Diese Voraussetzungen scheinen bis heute nicht erfüllt. Herr Mohamed Sidati, Vertreter der Frente POLISARIO für Europa, hat in seinem Schreiben an die europäische Kommission vom 1. März 2010 nochmals klar dargelegt, dass die Bevölkerung der Westsahara über die Ausbeutung ihrer Ressourcen weder befragt wurde, noch einen Nutzen daraus zieht und die Aktivitäten im Rahmen des FPA gegen die Interessen der saharauischen Bevölkerung verstoßen[5]. Die Frente POLISARIO ist von der UNO als Vertreter der saharauischen Bevölkerung anerkannt und führt die Regierung der Demokratischen Arabischen Republik Sahara (DARS"), einem Gründungsmitglied der Afrikanischen Union.

Die Europäische Gemeinschaft zahlt im Rahmen des - zumindest vierjährigen - FPA 36,1 Mio. EUR jährlich an Marokko.

Die unterzeichneten Abgeordneten stellen daher an den Bundesminister für europäische und internationale Angelegenheiten folgende

Anfrage:

1.             Wie beurteilt Österreich die Zulässigkeit der Ausbeutung natürlicher Ressourcen der Westsahara gegen den Wunsch und die Interessen der saharauischen Bevölkerung im Allgemeinen?

2.      Wie beurteilt Österreich die Zulässigkeit des FPA aus völkerrechtlicher und europarechtlicher Sicht, insbesondere im Lichte des oben genannten Gutachtens des juristischen Dienstes des europäischen Parlaments?

3.      Trägt Österreich zu den Zahlungen an Marokko im Rahmen des FPA bei?

4.      Bestehen  Bestrebungen,  dass sich Österreich  in  der Frage des  FPA  der schwedischen Position annähert bzw. die schwedische Position überprüft?



[1] Art 1 Abs. 2 der der UN-Menschenrechtspakte I und II.

[2] UN Doc. S/2002/161, February 2002, Letter dated 29. January 2002 from the Under-Secretary-General for Legal Affairs, the legal Counsel, addressed to the President of the Security Council.

[3] Pal Wrange, Principal legal advisor on public international law of the Swedish Ministry for Foreign Affairs, The Swedish Position on Western Sahara and International Law, in: International Law and the Question of Western Sahara, Oporto, 2007, S. 302.

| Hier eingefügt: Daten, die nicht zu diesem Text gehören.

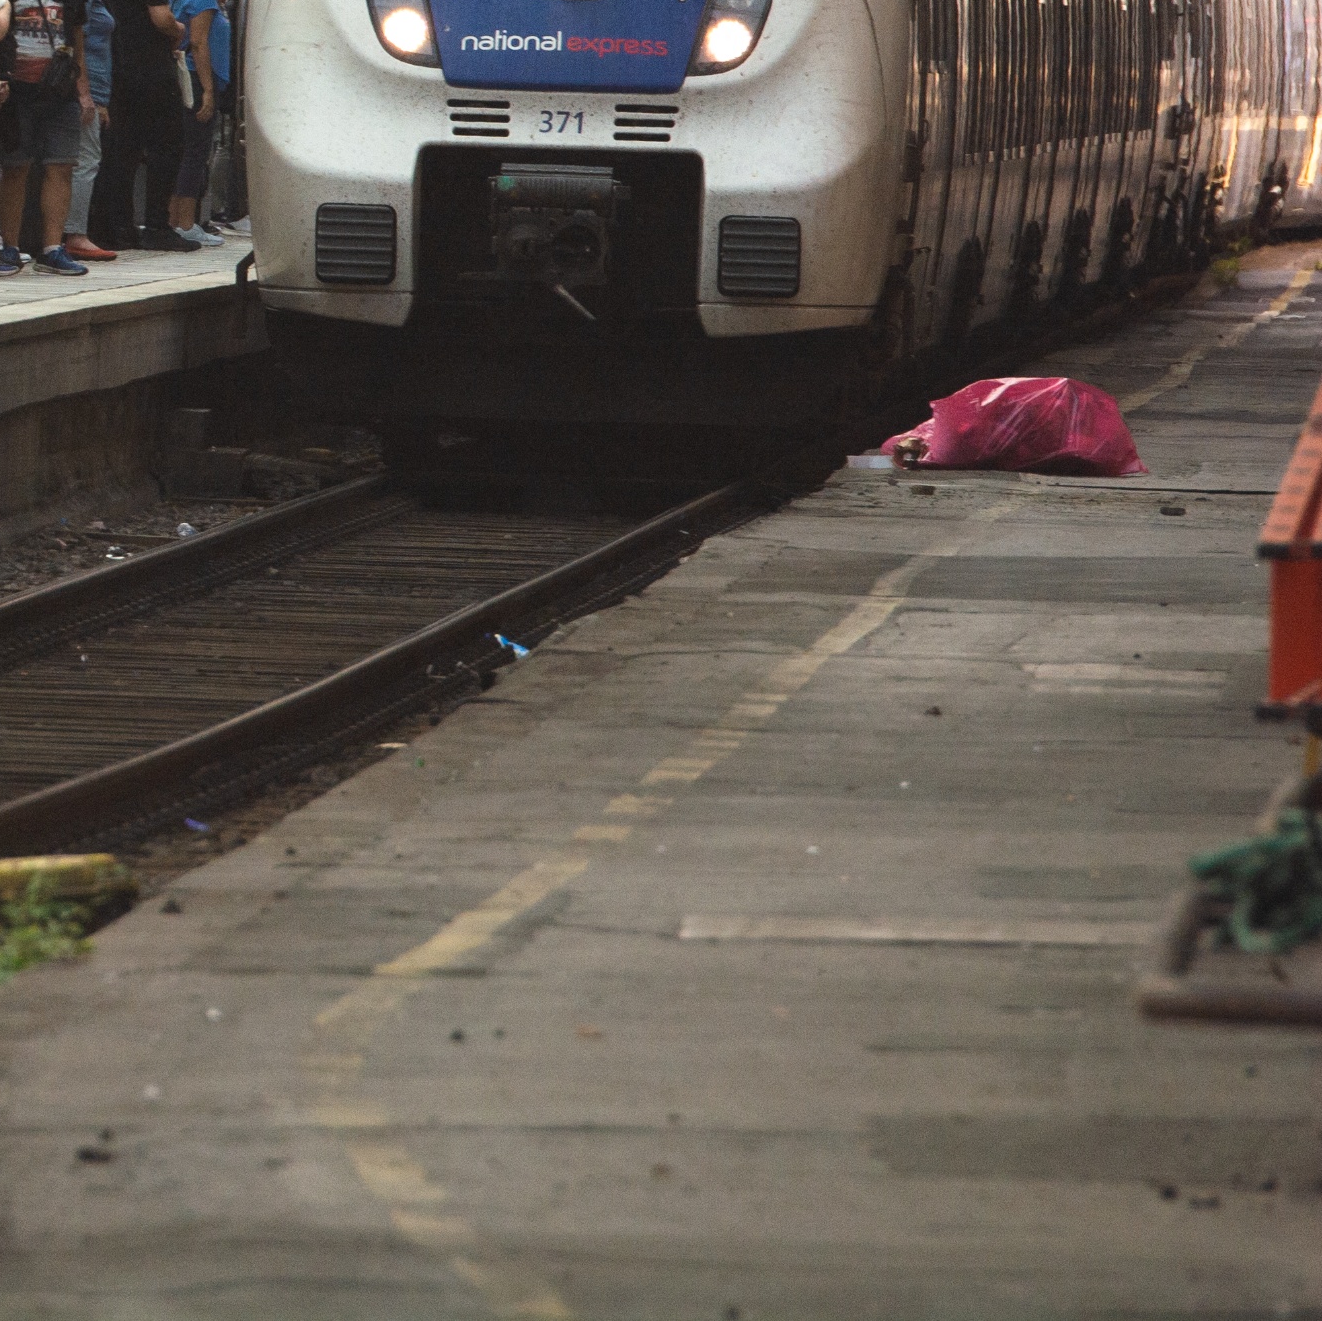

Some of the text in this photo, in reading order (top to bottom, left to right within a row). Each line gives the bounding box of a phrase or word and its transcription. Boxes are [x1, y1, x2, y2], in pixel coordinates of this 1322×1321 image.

[461, 29, 668, 58] national express
[538, 110, 585, 134] 371

[4] u.a. Ambassador Hans Corell, Conference on Multilateralism and International Law with Western Sahara as a Case Study, The legality of exploring and exploiting natural resources in Western Sahara; Lauri Hannikainen, Professor of International Law, University of Turku, The Case of Western Sahara from the Perspective of Jus Cogens, in: International Law and the Question of Western Sahara, Oporto, 2007, S. 59ff; Vincent Chapaux, Research Fellow in International Law and Political Science, Universite Libre de Bruxelles, The Question of the European Community- Morocco Fisheries Agreement, in: International Law and the Question of Western Sahara, Oporto, 2007, S. 217ff.